Desperate to meet the grandest people in Paris, the social-climbing Madame Verdurin holds a party to which--at her urging--the Baron invites all of his titled friends. But when they arrive, they fawn over him as their host and turn their backs on her. Worse still, none of them thanks her as they leave, much less invites her in return. So at the end of the party Madame Verdurin retaliates. She arranges for the baron's boyfriend Charlie to be drawn off and fed a toxic cocktail of lies and insinuations about the baron. When Charlie returns to denounce the perversity of the baron, his normally irrepressible arrogance deserts him. Speechless and dumbfounded, he feels "struck as if by the Revolutionary guillotine": a guest betrayed.
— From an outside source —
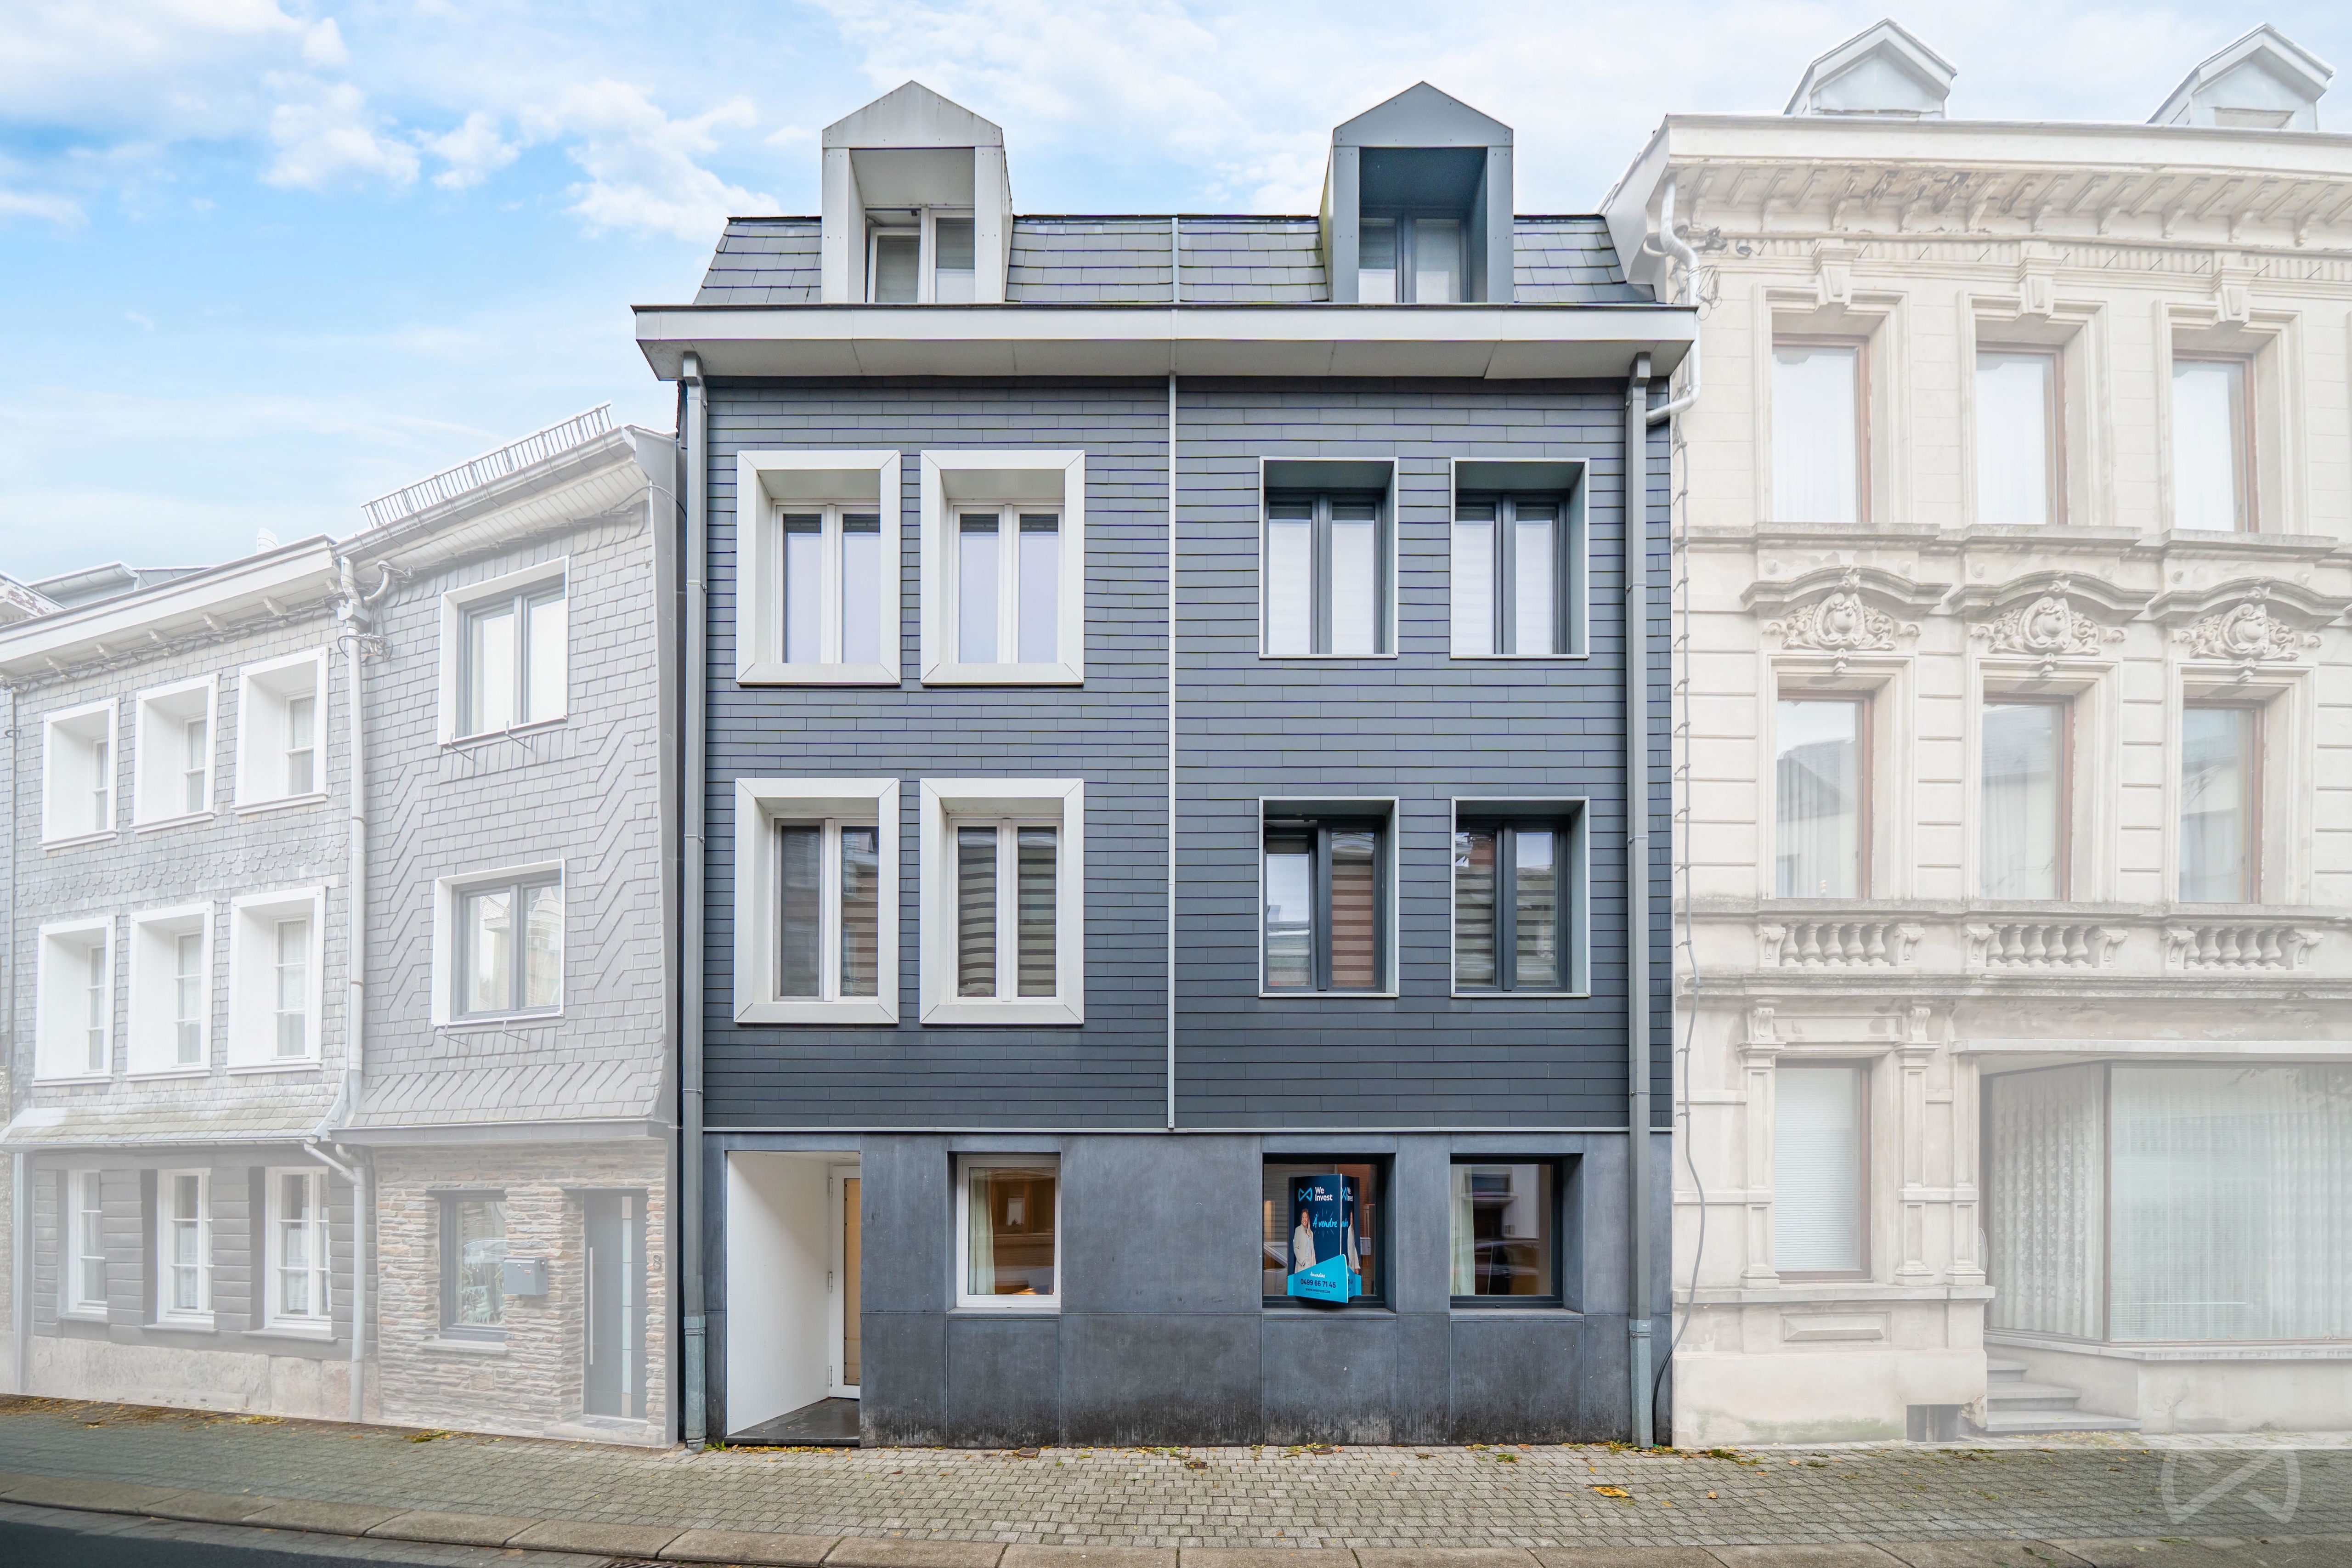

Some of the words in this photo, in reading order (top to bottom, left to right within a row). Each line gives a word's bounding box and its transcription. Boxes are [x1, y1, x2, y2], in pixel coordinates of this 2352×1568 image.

[1312, 1214, 1318, 1228] À
[1318, 1218, 1337, 1228] vendre
[653, 1255, 662, 1269] 8
She wounds him so deeply that it's hard to know which of the two is more treacherous.
The stage, of course, is the perfect place for hospitality and treachery to intersect--especially when a play is set in a living room, as in Edward Albee's Who's Afraid of Virginia Woolf? When an older couple named George and Martha invite a younger couple named Nick and Honey for an evening of drinks, they play a series of games whose titles suggest just some of the ways in hosts and guests can do each other in. Superfueled with drink, George and Martha soon unmask the witlessness of Nick and the mousiness of Honey: that's how they play Get the Guest. They also goad Nick into thinking that he can Hump the Hostess, which is one way of Humiliating the Host; but when Nick proves too drunk to perform in the bedroom, it's he who's humiliated--cut down to a houseboy. In all of these games the host and hostess use their guests as weapons in a war they have been waging with each other for years.
On top of the other examples I've noted, a play such as this might make you wonder if you should ever again accept or extend an invitation. I see no reason why not. But you might be just a bit wary of entertaining--or being entertained by--anyone named George, Martha, or Macbeth.